Those are serious matters, and there are several specific issues. First, there is the interaction of the clause with part III duties for any institutions, organisations or activities that are, by their nature, educational, but are not necessarily covered by part IV duties. Secondly, how will student union activities be covered? Thirdly, although we do not object to the principle of the clause, throughout the six years since the exclusion of education from the Disability Discrimination Act 1995, there have been concerns, which still remain, about whether the resources are available to do the job. We look forward to the Minister's reassurances on that issue.
I am grateful for your indulgence, Sir David, as I joined the Committee one minute late. That prevented me from hearing my hon. Friend's opening remarks, but I am sure that I am none the worse for that. I do not want to stretch your indulgence to its famously broad limits, but if I had been here I might have heard a quote from an even more obscure source than Deng Xiaoping.
The clause brings us to the issue of further and higher education. My contribution is, once again, in the form of a series of questions. We are rightly addressing the issue of access, which is clearly of fundamental importance if we are to avoid discrimination. It is an even more complex issue than in schools because of the nature of the experience that people enjoy in further and higher education. There is a need to access more buildings because the nature of the educational process demands more movement on the part of students. Those issues can be addressed with the right sensitivity and the right will, both of which are increasingly apparent.
However, I am concerned by issues that are implicit in any view of discrimination in further and higher education. My questions revolve around four or five particular matters. What judgment has been made about the need to adjust arrangements for work placements, which can form an implicit part of students' courses? What judgment has been made about the need to address the issue of transport, which, given the nature of further and higher education, seems to be vital? As I said, students may have to move between many sites or be required to carry out fieldwork. What view are the Government taking on that subject? How will materials that are implicit to students' courses be provided in alternative formats?
My hon. Friend's reference to moving around sites interested me. It would be helpful if the Minister would consider a situation in which work is being done outside formal education provision, for example, on a building site. Which duties, if any, would cover that?
I alluded to that problem when I discussed work placements, because there are many vocational courses in further education. Whether facilities will be constructed to allow disabled students to benefit in the same way as non-disabled students is worthy of further comment.
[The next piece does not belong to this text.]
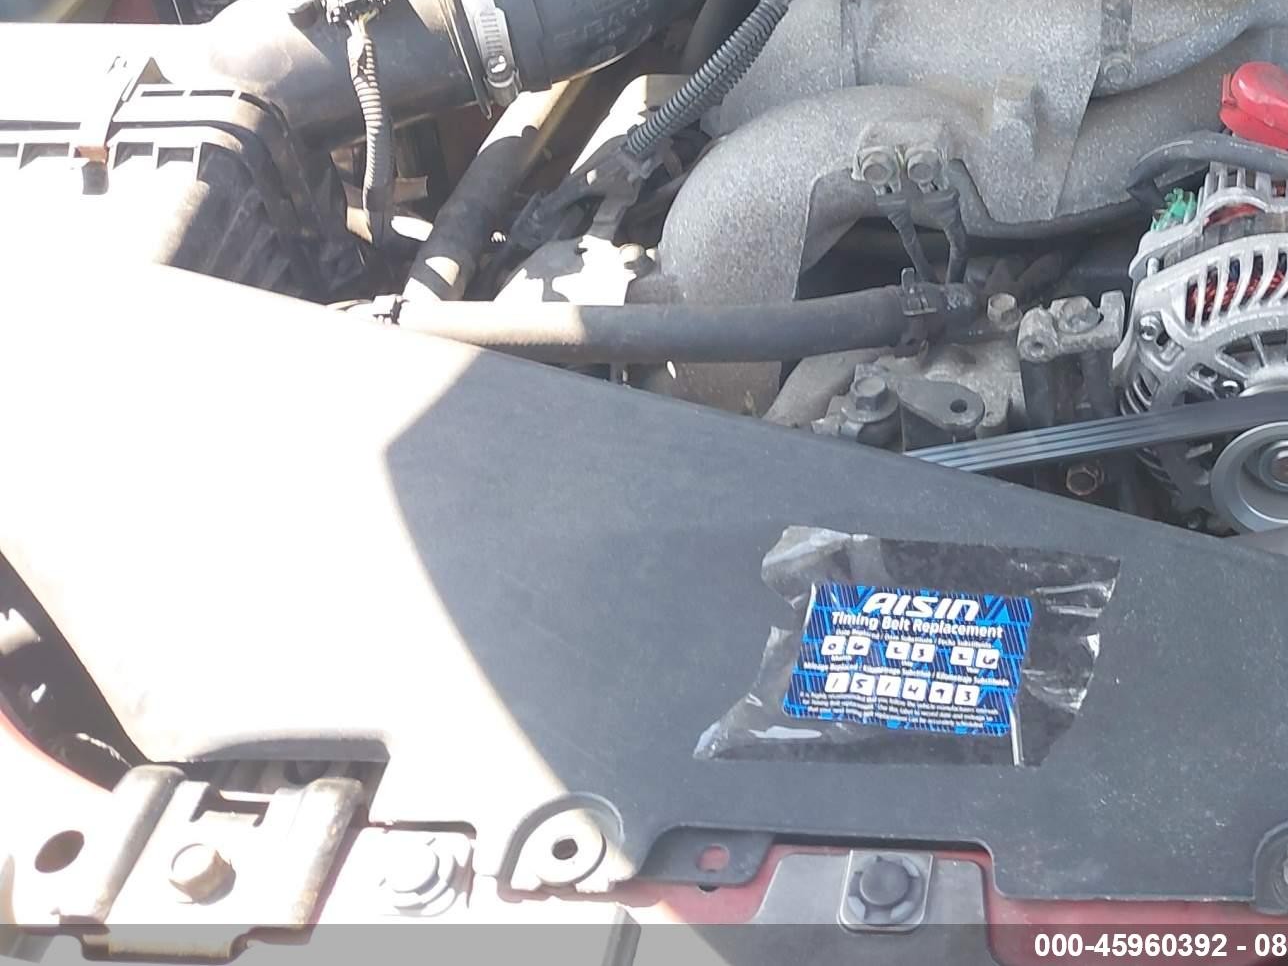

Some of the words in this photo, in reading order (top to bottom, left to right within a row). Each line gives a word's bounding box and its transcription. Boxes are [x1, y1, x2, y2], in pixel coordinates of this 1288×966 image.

The provision of information materials in appropriate formats for people with a range of disabilities has cost and legal implications under the Bill. I am interested in hearing from the Minister about the judgment that has been made on that and on the more straightforward matters of communication support and special equipment. If those facilities are not provided, that could be considered cause for a legitimate claim of discrimination. It would be discriminatory to put a student in a position in which they could not fulfil their potential, and were not able to take advantage of a college place or make best use of it. I am sure that Ministers have considered such issues, but they are highly pertinent to this part of the Bill. One would not want cases to be brought unduly, but if we are to make the intentions of this part of the Bill a reality to people in further and higher education, we need to explore those fundamentally important matters. Lord Rix raised some of those issues when the Bill was debated in the other place. I have not dealt with them as fully as he did, but I hope that the Minister will have had a chance to consider his comments and has arrived at the Committee with reasoned responses.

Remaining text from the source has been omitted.